By TOAN NGUYEN, MD
Screening mammograms have proven to save lives by detecting breast cancer at an earlier stage when treatments can result in cure. In fact, it is likely the most important tool in the fight against breast cancer.
During the height of the COVID-19 pandemic last year, screening mammograms were halted for several weeks due to concerns of exposure to COVID-19. After the restrictions were lifted, many women still had significant delays obtaining their annual mammograms. Fortunately, screening mammograms have fully resumed and recently, three COVID-19 vaccines have received U.S. Food and Drug Administration emergency authorization as millions of people around the country have received vaccinations. However, the vaccines can produce an unwanted – but temporary – finding in mammogram results.

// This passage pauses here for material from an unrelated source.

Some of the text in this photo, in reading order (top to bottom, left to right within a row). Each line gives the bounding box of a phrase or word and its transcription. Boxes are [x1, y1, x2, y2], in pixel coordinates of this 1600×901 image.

Axillary adenopathy, or swollen armpit lymph nodes, is sometimes a sign of breast cancer, present in 0.02%-0.04% of screening mammograms. This finding is one of the ways doctors detect breast cancer. There are emerging reports that two of the available COVID-19 vaccines, manufactured by Pfizer and Moderna, can induce the lymph nodes in the armpit to swell, coincidentally around the same time period that women are obtaining their mammogram. As a result, this finding can be worrisome and confusing, as additional tests and biopsies may be recommended to rule out a new breast cancer vs. a potential side effect of the vaccine. Swollen axillary lymph nodes have been associated with other vaccines as well, such as the bacille Calmette-Guérin vaccine, influenza vaccines, and the human papillomavirus vaccine.

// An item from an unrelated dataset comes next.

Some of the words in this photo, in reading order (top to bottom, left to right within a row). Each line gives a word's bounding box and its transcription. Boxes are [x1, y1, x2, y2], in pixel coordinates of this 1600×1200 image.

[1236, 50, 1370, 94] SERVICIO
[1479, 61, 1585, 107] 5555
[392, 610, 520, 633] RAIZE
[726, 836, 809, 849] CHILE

Currently, the Society of Breast Imaging recommends for women without any breast or axillary symptoms to schedule screening mammogram exams prior to the first dose of a COVID-19 vaccination or 4-6 weeks following the second dose of a COVID-19 vaccination. However, diagnostic mammograms performed to monitor concerning breast symptoms, such as a new breast or armpit lump, nipple discharge, skin changes of the breast, or other concerning findings affecting the breast, should not be delayed, regardless of the timing of the vaccine. Appropriate workup is needed to rule out cancer as soon as possible.
Please let your mammogram facility know if you recently received a dose of the COVID-19 vaccine to provide a clinical context.